* _Work item_
Transcribe exactly the lines from the one containing "this 1932×1932 image." through the end of the entries, including both the first and the last, and nothing else.

Free-text object descriptions:
Segment Open

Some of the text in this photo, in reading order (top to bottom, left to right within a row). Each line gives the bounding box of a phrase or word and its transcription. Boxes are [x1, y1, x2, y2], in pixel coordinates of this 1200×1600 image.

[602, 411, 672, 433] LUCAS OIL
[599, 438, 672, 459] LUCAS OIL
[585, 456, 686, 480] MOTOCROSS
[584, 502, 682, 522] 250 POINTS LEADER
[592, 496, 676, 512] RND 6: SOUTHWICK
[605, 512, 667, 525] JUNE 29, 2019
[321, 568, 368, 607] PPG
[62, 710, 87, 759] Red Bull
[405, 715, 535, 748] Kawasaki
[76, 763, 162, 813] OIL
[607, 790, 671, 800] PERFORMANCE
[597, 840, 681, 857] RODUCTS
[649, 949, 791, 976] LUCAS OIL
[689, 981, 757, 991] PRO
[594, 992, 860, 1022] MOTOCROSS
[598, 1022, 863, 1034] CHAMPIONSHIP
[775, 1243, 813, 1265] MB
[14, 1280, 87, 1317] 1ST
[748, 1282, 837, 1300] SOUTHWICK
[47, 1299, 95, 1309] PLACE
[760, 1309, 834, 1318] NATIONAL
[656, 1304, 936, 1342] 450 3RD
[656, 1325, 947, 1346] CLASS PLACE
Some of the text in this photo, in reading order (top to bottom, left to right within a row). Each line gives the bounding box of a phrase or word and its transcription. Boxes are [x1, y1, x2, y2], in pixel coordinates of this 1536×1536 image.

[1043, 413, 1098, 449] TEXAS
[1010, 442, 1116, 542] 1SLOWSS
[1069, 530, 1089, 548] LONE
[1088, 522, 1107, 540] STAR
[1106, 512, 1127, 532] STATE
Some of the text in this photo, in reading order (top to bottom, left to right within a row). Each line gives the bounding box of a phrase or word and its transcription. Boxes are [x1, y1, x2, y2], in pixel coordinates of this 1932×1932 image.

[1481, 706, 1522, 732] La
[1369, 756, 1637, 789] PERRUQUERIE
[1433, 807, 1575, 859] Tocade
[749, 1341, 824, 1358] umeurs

Segment Closed

* _Exercise response_
Some of the text in this photo, in reading order (top to bottom, left to right within a row). Each line gives the bounding box of a phrase or word and its transcription. Boxes are [x1, y1, x2, y2], in pixel coordinates of this 1932×1932 image.

[1481, 706, 1522, 732] La
[1369, 756, 1637, 789] PERRUQUERIE
[1433, 807, 1575, 859] Tocade
[749, 1341, 824, 1358] umeurs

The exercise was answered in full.